# Campus Police Officer Stonehill College



## Kilvinsky (Jan 15, 2007)

*Campus Police Officer*
Stonehill College 
in Easton, MA

Apply on Institution's Website

*Type:* Full-Time
*Posted:* 07/20/2022
*Category:* Police and Public Safety
*Posting Number:* 2012000948P
*About Stonehill*
Founded by the Congregation of Holy Cross in 1948, Stonehill is a private Catholic college located just 22 miles from downtown Boston on a beautiful 384-acre campus in Easton, Massachusetts. With a student-to-faculty ratio of 13:1, the College engages its 2,500+ students in 80+ rigorous academic programs in the liberal arts, sciences, and pre-professional fields.

Faithful to the Holy Cross tradition in education, Stonehill College is committed to developing the moral, spiritual, intellectual, physical, and social competencies of its students and seeks to build and sustain a campus community that embraces diversity and inclusion in its teaching, learning, living, and working. Stonehill values the diversity of persons, opinions, and cultural and religious perspectives. In fulfillment of its motto, Lux et Spes ("Light and Hope"), the College cultivates in its students the competence to think, act, and lead with courage towards creating a more just and compassionate world.
*Position Summary*
The Police Officer will patrol Campus buildings and grounds to prevent theft, trespass, vandalism, or violations of College policies 
*Essential Duties and Responsibilities*

Patrol and protect College buildings, grounds, and adjacent areas at regular intervals. Guard against trespassers, thefts, damage, or injury to persons and property. 
Enforce parking and vehicle regulations. Direct traffic and investigate accidents. 
Exercise law enforcement powers in the detection and apprehension of law violators.

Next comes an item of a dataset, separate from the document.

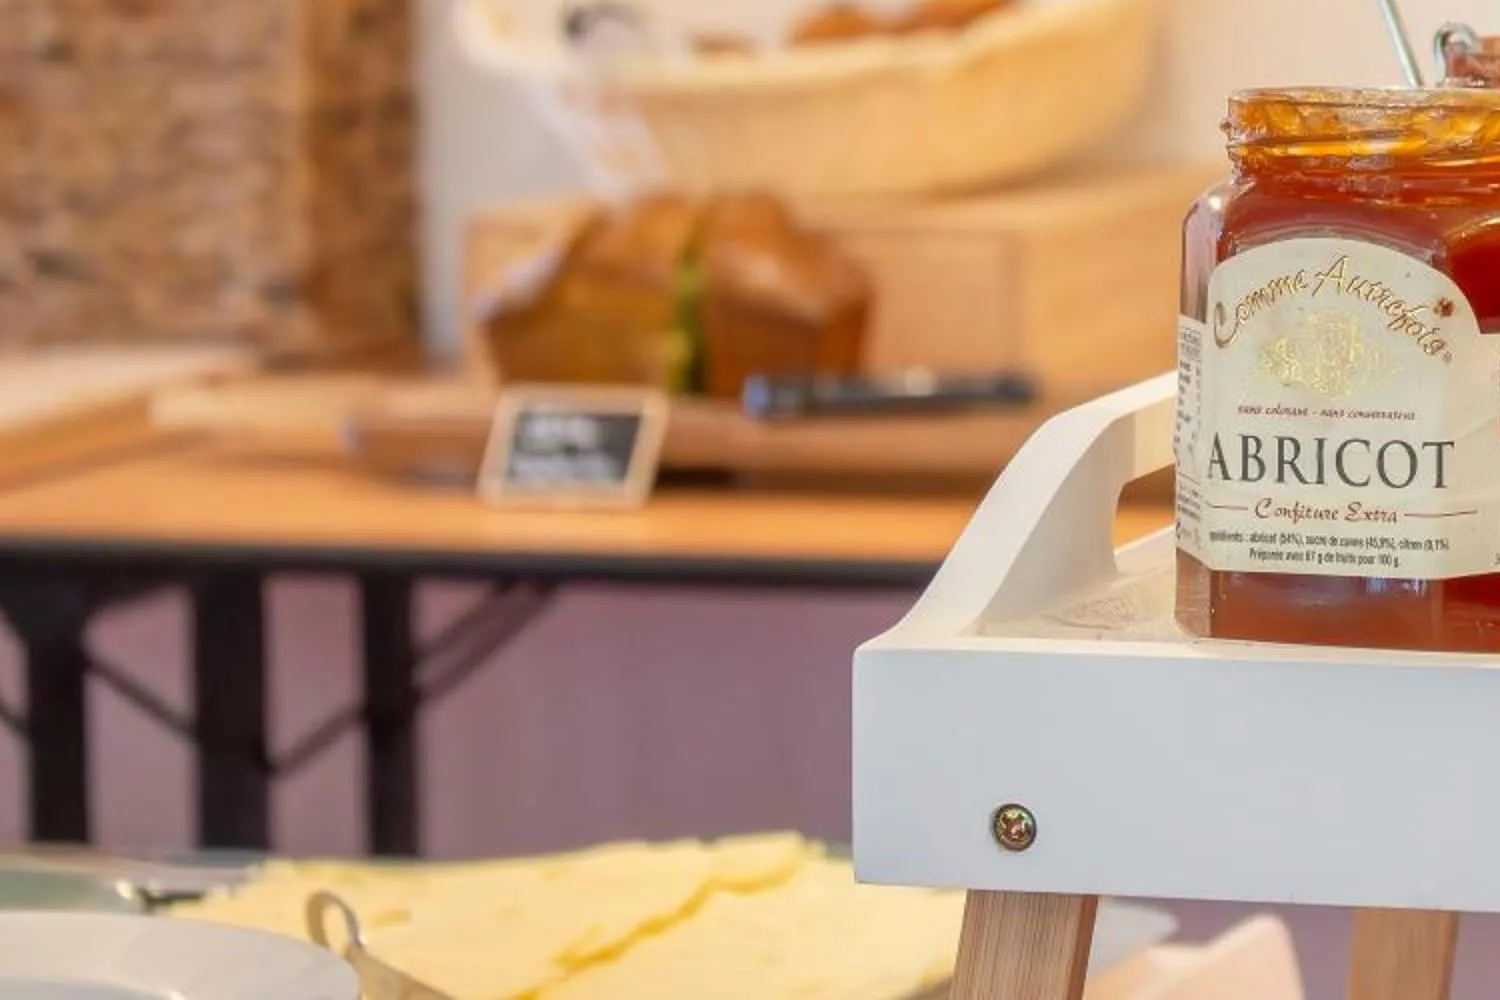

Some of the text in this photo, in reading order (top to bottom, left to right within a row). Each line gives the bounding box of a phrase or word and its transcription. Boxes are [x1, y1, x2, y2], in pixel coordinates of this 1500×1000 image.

Investigate complaints and refer to appropriate supervisory officials. 
Provide protection to students, faculty and administrators, and staff in the transportation of monies and other valuables. 
Perform security details during college plays, dances, other related functions, and special events as assigned. Effect fire and security watches. 
Respond promptly to all fire alarms. Conduct fire drills. Investigate fire calls, report fires, and perform necessary related duties dictated by circumstances. 
Periodically inspect fire-fighting equipment.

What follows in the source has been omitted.